Task instructions
Every entry that follows is to be set down exactly, with its pictures omitted.

[Text-to-region grounding data]
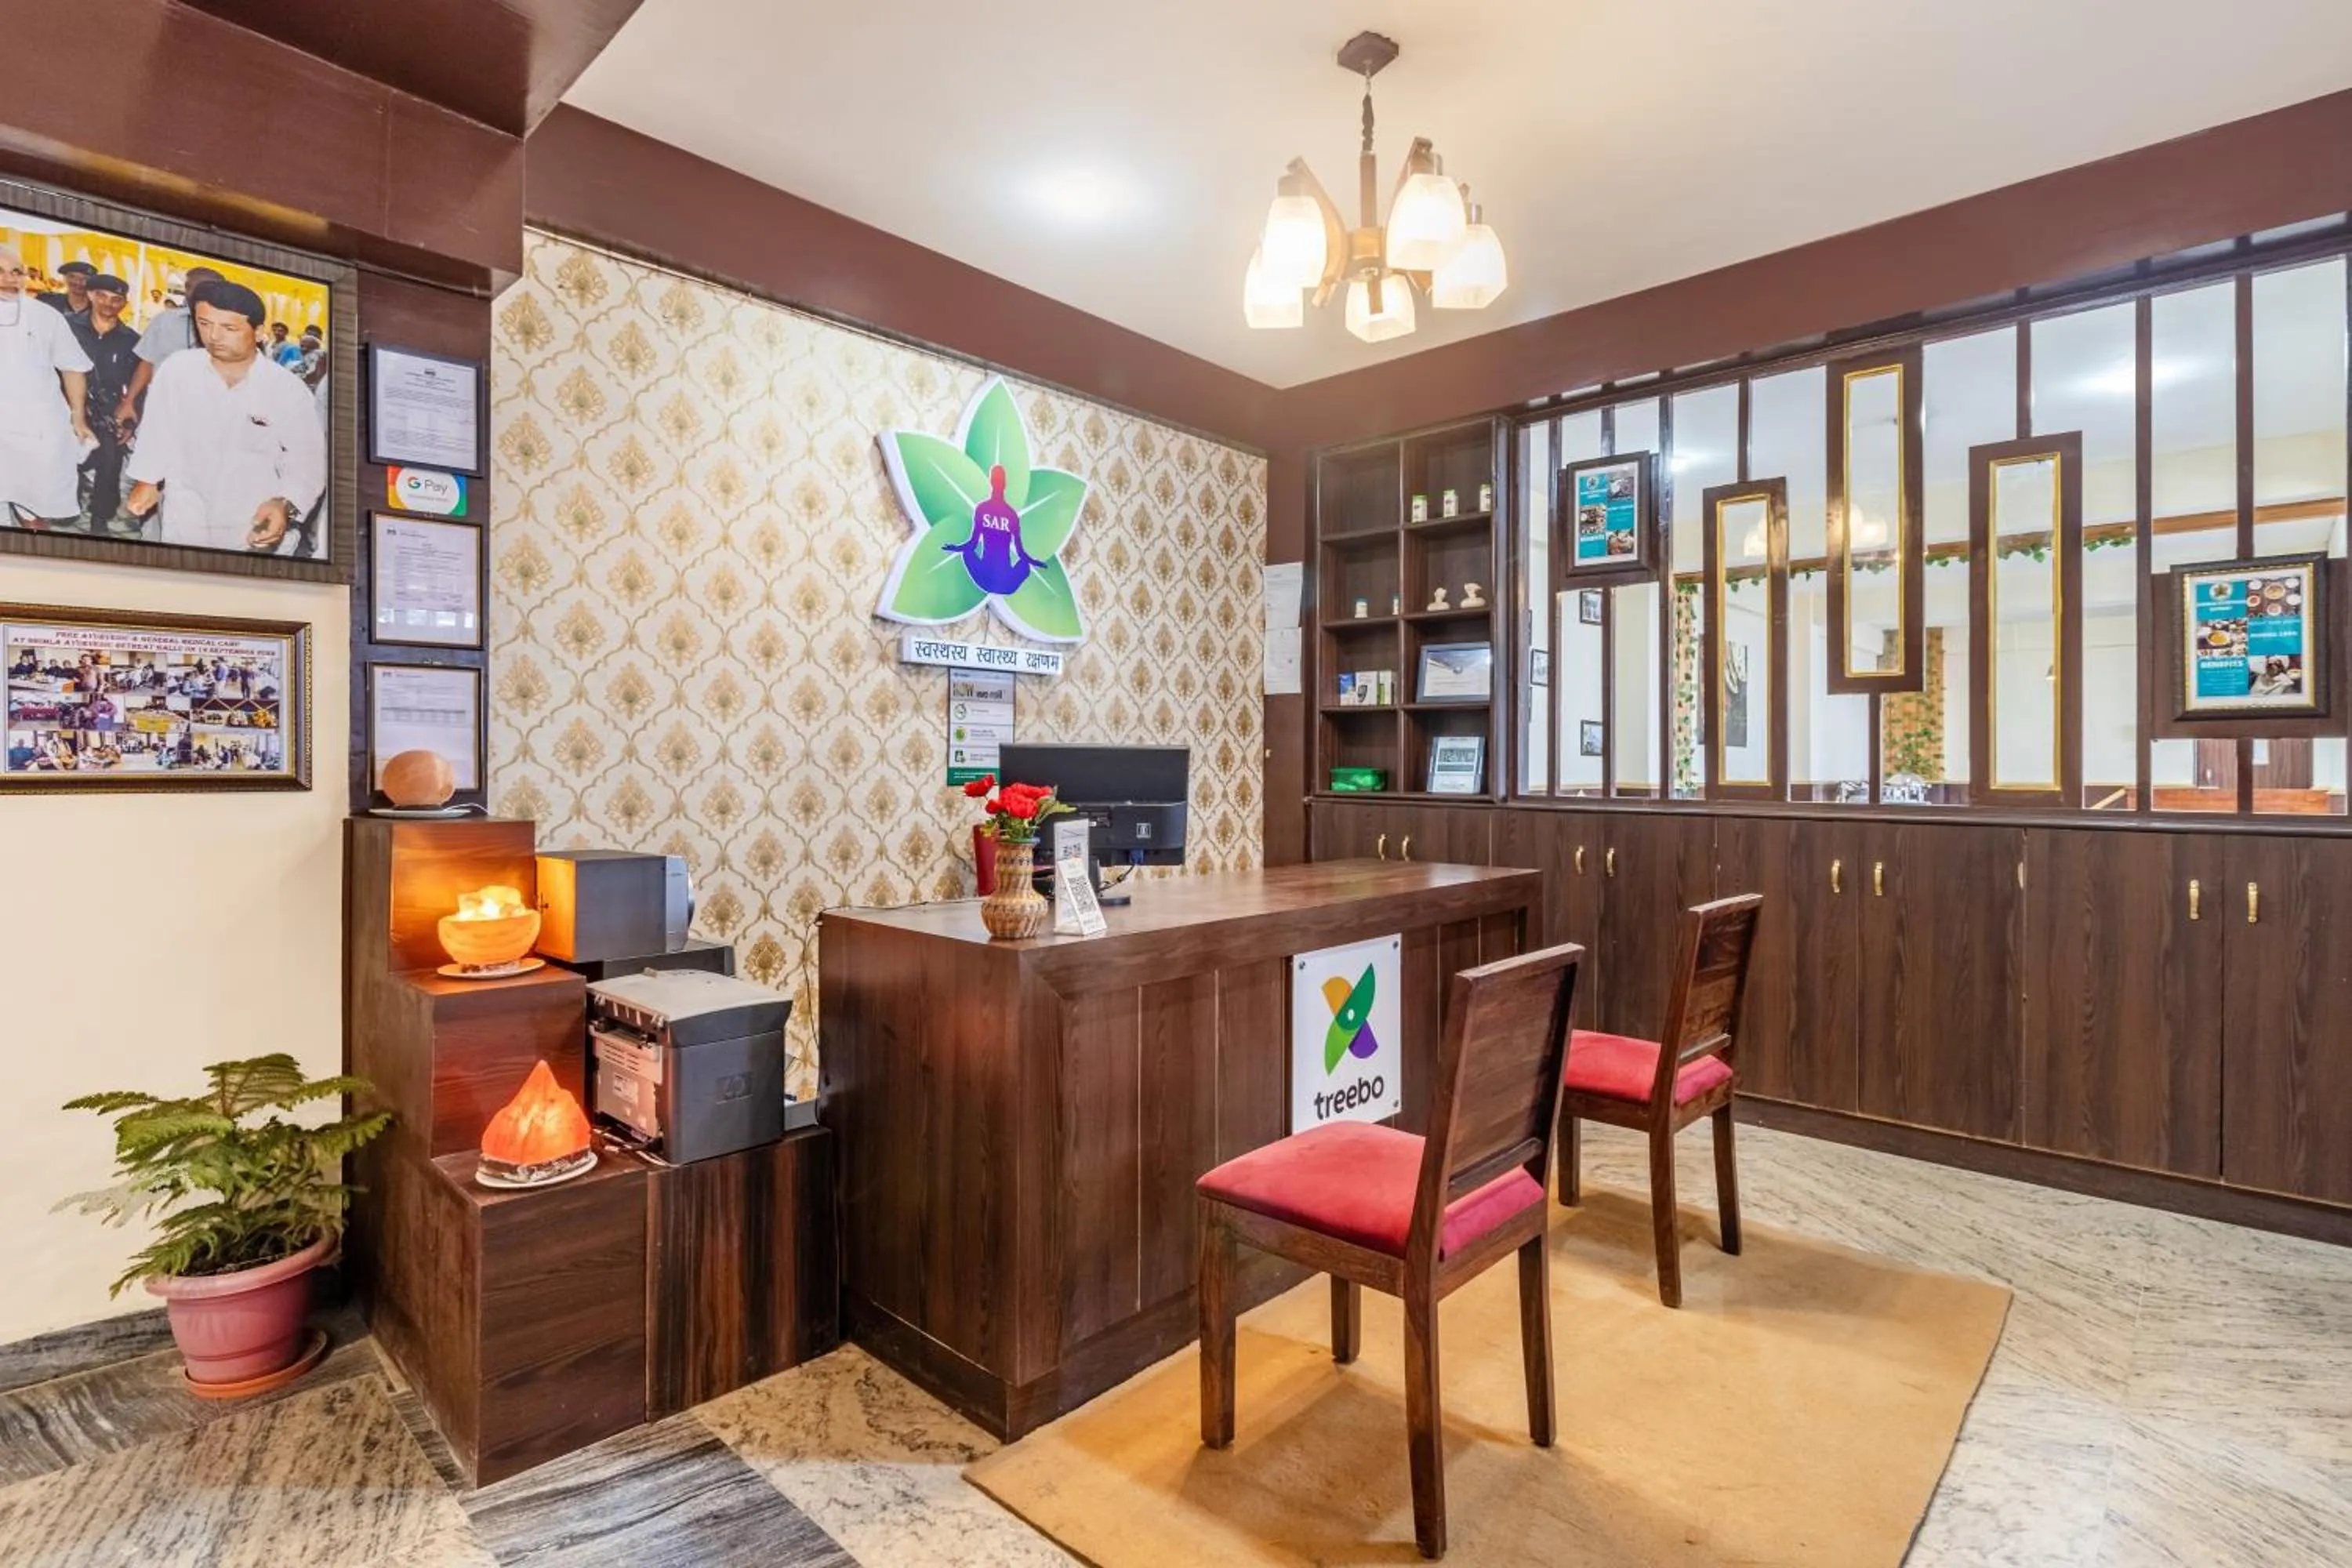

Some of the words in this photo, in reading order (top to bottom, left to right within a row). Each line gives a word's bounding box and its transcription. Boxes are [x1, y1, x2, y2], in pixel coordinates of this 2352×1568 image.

[407, 476, 421, 489] G
[424, 478, 448, 495] Pay
[982, 514, 1011, 532] SAR
[1313, 1075, 1384, 1120] treebo

Answer
Some of the words in this photo, in reading order (top to bottom, left to right within a row). Each line gives a word's bounding box and its transcription. Boxes are [x1, y1, x2, y2], in pixel coordinates of this 2352×1568 image.

[407, 476, 421, 489] G
[424, 478, 448, 495] Pay
[982, 514, 1011, 532] SAR
[1313, 1075, 1384, 1120] treebo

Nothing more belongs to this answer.